Sedat Simavi (1896 – 11 December 1953) was a Turkish journalist, writer and film director. He established many newspapers and magazines.

Biography
Simavi was born in 1896. His grandfather and uncles served in different positions in the office of Ottoman Sultans. His parents were Halil Hamdi Bey and Aliye Hanım. She was granddaughter of Grand Vizier Saffet Pasha. Simavi graduated from Galatasaray High School in 1912.

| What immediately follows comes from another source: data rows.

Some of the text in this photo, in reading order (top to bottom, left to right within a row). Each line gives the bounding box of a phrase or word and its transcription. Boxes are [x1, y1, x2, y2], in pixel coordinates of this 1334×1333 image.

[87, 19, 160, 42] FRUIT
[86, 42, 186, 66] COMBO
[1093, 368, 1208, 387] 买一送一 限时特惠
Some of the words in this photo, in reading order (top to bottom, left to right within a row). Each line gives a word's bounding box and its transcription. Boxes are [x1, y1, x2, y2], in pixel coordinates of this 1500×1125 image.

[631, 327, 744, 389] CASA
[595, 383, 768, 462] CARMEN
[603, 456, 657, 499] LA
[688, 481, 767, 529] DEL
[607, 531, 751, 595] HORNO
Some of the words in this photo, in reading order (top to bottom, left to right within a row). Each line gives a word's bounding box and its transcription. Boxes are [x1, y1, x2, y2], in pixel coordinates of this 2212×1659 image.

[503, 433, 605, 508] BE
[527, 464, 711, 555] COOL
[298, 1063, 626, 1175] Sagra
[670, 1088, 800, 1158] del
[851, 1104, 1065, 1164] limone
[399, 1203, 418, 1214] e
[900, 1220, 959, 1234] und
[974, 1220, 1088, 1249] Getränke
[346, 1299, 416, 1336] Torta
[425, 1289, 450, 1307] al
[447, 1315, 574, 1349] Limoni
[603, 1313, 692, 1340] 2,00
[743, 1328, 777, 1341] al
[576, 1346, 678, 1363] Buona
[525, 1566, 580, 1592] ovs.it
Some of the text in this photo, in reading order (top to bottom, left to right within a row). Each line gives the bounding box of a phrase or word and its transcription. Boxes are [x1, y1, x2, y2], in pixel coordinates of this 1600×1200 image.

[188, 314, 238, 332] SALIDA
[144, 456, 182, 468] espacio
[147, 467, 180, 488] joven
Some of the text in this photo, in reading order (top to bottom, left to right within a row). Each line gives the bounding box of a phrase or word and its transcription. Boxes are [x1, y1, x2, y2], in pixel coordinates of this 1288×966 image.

In 1916 Simavi started his first publication entitled Hande, a weekly women's magazine. Then he launched a satirical magazine, Diken and another women's magazine İnci. His first daily newspaper was Dersaadet which was established in 1920. The other papers established by Simavi included Payihat, Güleryüz, Yedigün and Resimli Gazete. 

Simavi co-founded the Turkish Journalists' Association in 1946, and the Hürriyet newspaper in 1948. He was also a political cartoonist, and as well as plays and screenplays he also wrote a novel, Fuji-Yama (1944), and non-fiction books. He published around 60 books in total.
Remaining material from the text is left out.